╭─ DATA TO PROCESS
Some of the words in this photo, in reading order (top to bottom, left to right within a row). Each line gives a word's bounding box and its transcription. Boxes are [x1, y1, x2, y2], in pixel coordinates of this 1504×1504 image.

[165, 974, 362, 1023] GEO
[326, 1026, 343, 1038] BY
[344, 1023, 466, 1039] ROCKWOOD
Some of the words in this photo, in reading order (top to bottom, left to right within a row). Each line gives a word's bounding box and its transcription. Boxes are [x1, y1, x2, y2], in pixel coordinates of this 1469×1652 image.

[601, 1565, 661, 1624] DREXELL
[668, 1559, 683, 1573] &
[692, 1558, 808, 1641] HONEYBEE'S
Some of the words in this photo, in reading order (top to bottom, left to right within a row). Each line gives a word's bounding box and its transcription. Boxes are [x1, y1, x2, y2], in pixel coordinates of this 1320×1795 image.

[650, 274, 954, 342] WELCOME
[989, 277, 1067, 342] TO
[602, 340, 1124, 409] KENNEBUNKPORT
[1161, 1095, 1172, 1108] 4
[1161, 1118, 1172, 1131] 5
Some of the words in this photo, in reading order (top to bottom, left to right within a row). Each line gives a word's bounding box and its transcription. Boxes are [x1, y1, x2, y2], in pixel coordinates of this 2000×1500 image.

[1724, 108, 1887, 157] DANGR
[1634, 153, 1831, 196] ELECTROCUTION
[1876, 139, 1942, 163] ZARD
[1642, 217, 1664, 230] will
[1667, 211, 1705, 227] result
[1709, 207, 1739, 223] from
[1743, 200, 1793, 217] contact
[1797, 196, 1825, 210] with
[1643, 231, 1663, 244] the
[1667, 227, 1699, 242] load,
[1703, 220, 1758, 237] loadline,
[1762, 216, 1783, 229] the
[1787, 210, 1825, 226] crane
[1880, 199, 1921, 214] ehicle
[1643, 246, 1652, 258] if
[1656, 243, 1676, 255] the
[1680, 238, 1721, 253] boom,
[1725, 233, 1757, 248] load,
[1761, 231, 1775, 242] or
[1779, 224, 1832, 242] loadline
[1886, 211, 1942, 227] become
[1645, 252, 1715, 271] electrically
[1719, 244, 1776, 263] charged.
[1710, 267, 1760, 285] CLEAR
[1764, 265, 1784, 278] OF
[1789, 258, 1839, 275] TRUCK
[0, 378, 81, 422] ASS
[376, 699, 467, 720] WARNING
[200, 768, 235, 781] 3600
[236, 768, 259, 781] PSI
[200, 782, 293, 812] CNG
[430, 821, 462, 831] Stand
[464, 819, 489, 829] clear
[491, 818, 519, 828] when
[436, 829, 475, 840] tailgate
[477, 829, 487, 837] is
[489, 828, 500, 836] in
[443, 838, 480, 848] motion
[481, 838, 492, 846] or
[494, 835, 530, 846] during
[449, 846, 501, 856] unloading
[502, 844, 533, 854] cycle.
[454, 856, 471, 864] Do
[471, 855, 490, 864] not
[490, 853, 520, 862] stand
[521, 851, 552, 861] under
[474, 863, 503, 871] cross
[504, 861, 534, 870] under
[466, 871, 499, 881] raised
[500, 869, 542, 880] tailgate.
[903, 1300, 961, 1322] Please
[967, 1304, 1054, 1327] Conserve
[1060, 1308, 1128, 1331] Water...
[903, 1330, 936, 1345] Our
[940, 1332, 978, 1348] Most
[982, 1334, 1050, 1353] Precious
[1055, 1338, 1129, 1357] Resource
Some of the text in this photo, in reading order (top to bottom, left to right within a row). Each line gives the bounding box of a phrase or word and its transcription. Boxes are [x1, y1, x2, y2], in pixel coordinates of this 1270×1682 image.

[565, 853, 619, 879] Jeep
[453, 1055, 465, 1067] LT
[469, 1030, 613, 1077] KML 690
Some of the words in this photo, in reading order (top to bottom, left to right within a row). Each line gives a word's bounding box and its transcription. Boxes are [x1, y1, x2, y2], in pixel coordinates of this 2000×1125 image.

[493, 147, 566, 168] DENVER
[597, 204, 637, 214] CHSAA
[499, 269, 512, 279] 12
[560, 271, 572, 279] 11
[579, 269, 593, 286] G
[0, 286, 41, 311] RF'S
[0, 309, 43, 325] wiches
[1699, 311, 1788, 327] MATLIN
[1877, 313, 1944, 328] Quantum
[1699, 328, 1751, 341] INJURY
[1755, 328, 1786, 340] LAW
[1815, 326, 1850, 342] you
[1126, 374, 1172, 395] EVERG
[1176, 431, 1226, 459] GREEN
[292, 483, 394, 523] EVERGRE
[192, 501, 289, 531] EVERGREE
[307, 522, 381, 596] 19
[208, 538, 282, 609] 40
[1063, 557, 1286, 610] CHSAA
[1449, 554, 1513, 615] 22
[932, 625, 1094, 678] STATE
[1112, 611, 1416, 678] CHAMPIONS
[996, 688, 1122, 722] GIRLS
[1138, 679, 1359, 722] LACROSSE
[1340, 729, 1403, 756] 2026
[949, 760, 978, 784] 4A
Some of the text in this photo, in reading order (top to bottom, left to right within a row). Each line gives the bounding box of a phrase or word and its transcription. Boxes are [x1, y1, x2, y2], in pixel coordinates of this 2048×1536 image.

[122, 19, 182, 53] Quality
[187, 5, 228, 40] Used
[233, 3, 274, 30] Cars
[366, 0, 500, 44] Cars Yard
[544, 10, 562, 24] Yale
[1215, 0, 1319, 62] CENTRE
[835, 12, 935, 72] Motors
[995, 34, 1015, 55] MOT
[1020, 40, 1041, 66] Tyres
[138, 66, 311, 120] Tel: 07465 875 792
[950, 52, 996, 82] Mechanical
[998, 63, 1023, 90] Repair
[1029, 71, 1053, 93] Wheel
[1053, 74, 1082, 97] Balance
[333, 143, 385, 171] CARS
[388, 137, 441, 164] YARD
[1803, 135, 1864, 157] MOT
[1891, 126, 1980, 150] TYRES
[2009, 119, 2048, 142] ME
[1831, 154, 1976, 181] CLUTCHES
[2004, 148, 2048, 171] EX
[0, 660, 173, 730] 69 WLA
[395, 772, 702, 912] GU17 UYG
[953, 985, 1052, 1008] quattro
╰─
_WHAT TO DO_
From the first line to the last, retype the records exactly as they stand above.

_ANSWER SECTION_
Some of the words in this photo, in reading order (top to bottom, left to right within a row). Each line gives a word's bounding box and its transcription. Boxes are [x1, y1, x2, y2], in pixel coordinates of this 1504×1504 image.

[165, 974, 362, 1023] GEO
[326, 1026, 343, 1038] BY
[344, 1023, 466, 1039] ROCKWOOD
Some of the words in this photo, in reading order (top to bottom, left to right within a row). Each line gives a word's bounding box and its transcription. Boxes are [x1, y1, x2, y2], in pixel coordinates of this 1469×1652 image.

[601, 1565, 661, 1624] DREXELL
[668, 1559, 683, 1573] &
[692, 1558, 808, 1641] HONEYBEE'S
Some of the words in this photo, in reading order (top to bottom, left to right within a row). Each line gives a word's bounding box and its transcription. Boxes are [x1, y1, x2, y2], in pixel coordinates of this 1320×1795 image.

[650, 274, 954, 342] WELCOME
[989, 277, 1067, 342] TO
[602, 340, 1124, 409] KENNEBUNKPORT
[1161, 1095, 1172, 1108] 4
[1161, 1118, 1172, 1131] 5
Some of the words in this photo, in reading order (top to bottom, left to right within a row). Each line gives a word's bounding box and its transcription. Boxes are [x1, y1, x2, y2], in pixel coordinates of this 2000×1500 image.

[1724, 108, 1887, 157] DANGR
[1634, 153, 1831, 196] ELECTROCUTION
[1876, 139, 1942, 163] ZARD
[1642, 217, 1664, 230] will
[1667, 211, 1705, 227] result
[1709, 207, 1739, 223] from
[1743, 200, 1793, 217] contact
[1797, 196, 1825, 210] with
[1643, 231, 1663, 244] the
[1667, 227, 1699, 242] load,
[1703, 220, 1758, 237] loadline,
[1762, 216, 1783, 229] the
[1787, 210, 1825, 226] crane
[1880, 199, 1921, 214] ehicle
[1643, 246, 1652, 258] if
[1656, 243, 1676, 255] the
[1680, 238, 1721, 253] boom,
[1725, 233, 1757, 248] load,
[1761, 231, 1775, 242] or
[1779, 224, 1832, 242] loadline
[1886, 211, 1942, 227] become
[1645, 252, 1715, 271] electrically
[1719, 244, 1776, 263] charged.
[1710, 267, 1760, 285] CLEAR
[1764, 265, 1784, 278] OF
[1789, 258, 1839, 275] TRUCK
[0, 378, 81, 422] ASS
[376, 699, 467, 720] WARNING
[200, 768, 235, 781] 3600
[236, 768, 259, 781] PSI
[200, 782, 293, 812] CNG
[430, 821, 462, 831] Stand
[464, 819, 489, 829] clear
[491, 818, 519, 828] when
[436, 829, 475, 840] tailgate
[477, 829, 487, 837] is
[489, 828, 500, 836] in
[443, 838, 480, 848] motion
[481, 838, 492, 846] or
[494, 835, 530, 846] during
[449, 846, 501, 856] unloading
[502, 844, 533, 854] cycle.
[454, 856, 471, 864] Do
[471, 855, 490, 864] not
[490, 853, 520, 862] stand
[521, 851, 552, 861] under
[474, 863, 503, 871] cross
[504, 861, 534, 870] under
[466, 871, 499, 881] raised
[500, 869, 542, 880] tailgate.
[903, 1300, 961, 1322] Please
[967, 1304, 1054, 1327] Conserve
[1060, 1308, 1128, 1331] Water...
[903, 1330, 936, 1345] Our
[940, 1332, 978, 1348] Most
[982, 1334, 1050, 1353] Precious
[1055, 1338, 1129, 1357] Resource
Some of the text in this photo, in reading order (top to bottom, left to right within a row). Each line gives the bounding box of a phrase or word and its transcription. Boxes are [x1, y1, x2, y2], in pixel coordinates of this 1270×1682 image.

[565, 853, 619, 879] Jeep
[453, 1055, 465, 1067] LT
[469, 1030, 613, 1077] KML 690
Some of the words in this photo, in reading order (top to bottom, left to right within a row). Each line gives a word's bounding box and its transcription. Boxes are [x1, y1, x2, y2], in pixel coordinates of this 2000×1125 image.

[493, 147, 566, 168] DENVER
[597, 204, 637, 214] CHSAA
[499, 269, 512, 279] 12
[560, 271, 572, 279] 11
[579, 269, 593, 286] G
[0, 286, 41, 311] RF'S
[0, 309, 43, 325] wiches
[1699, 311, 1788, 327] MATLIN
[1877, 313, 1944, 328] Quantum
[1699, 328, 1751, 341] INJURY
[1755, 328, 1786, 340] LAW
[1815, 326, 1850, 342] you
[1126, 374, 1172, 395] EVERG
[1176, 431, 1226, 459] GREEN
[292, 483, 394, 523] EVERGRE
[192, 501, 289, 531] EVERGREE
[307, 522, 381, 596] 19
[208, 538, 282, 609] 40
[1063, 557, 1286, 610] CHSAA
[1449, 554, 1513, 615] 22
[932, 625, 1094, 678] STATE
[1112, 611, 1416, 678] CHAMPIONS
[996, 688, 1122, 722] GIRLS
[1138, 679, 1359, 722] LACROSSE
[1340, 729, 1403, 756] 2026
[949, 760, 978, 784] 4A
Some of the text in this photo, in reading order (top to bottom, left to right within a row). Each line gives the bounding box of a phrase or word and its transcription. Boxes are [x1, y1, x2, y2], in pixel coordinates of this 2048×1536 image.

[122, 19, 182, 53] Quality
[187, 5, 228, 40] Used
[233, 3, 274, 30] Cars
[366, 0, 500, 44] Cars Yard
[544, 10, 562, 24] Yale
[1215, 0, 1319, 62] CENTRE
[835, 12, 935, 72] Motors
[995, 34, 1015, 55] MOT
[1020, 40, 1041, 66] Tyres
[138, 66, 311, 120] Tel: 07465 875 792
[950, 52, 996, 82] Mechanical
[998, 63, 1023, 90] Repair
[1029, 71, 1053, 93] Wheel
[1053, 74, 1082, 97] Balance
[333, 143, 385, 171] CARS
[388, 137, 441, 164] YARD
[1803, 135, 1864, 157] MOT
[1891, 126, 1980, 150] TYRES
[2009, 119, 2048, 142] ME
[1831, 154, 1976, 181] CLUTCHES
[2004, 148, 2048, 171] EX
[0, 660, 173, 730] 69 WLA
[395, 772, 702, 912] GU17 UYG
[953, 985, 1052, 1008] quattro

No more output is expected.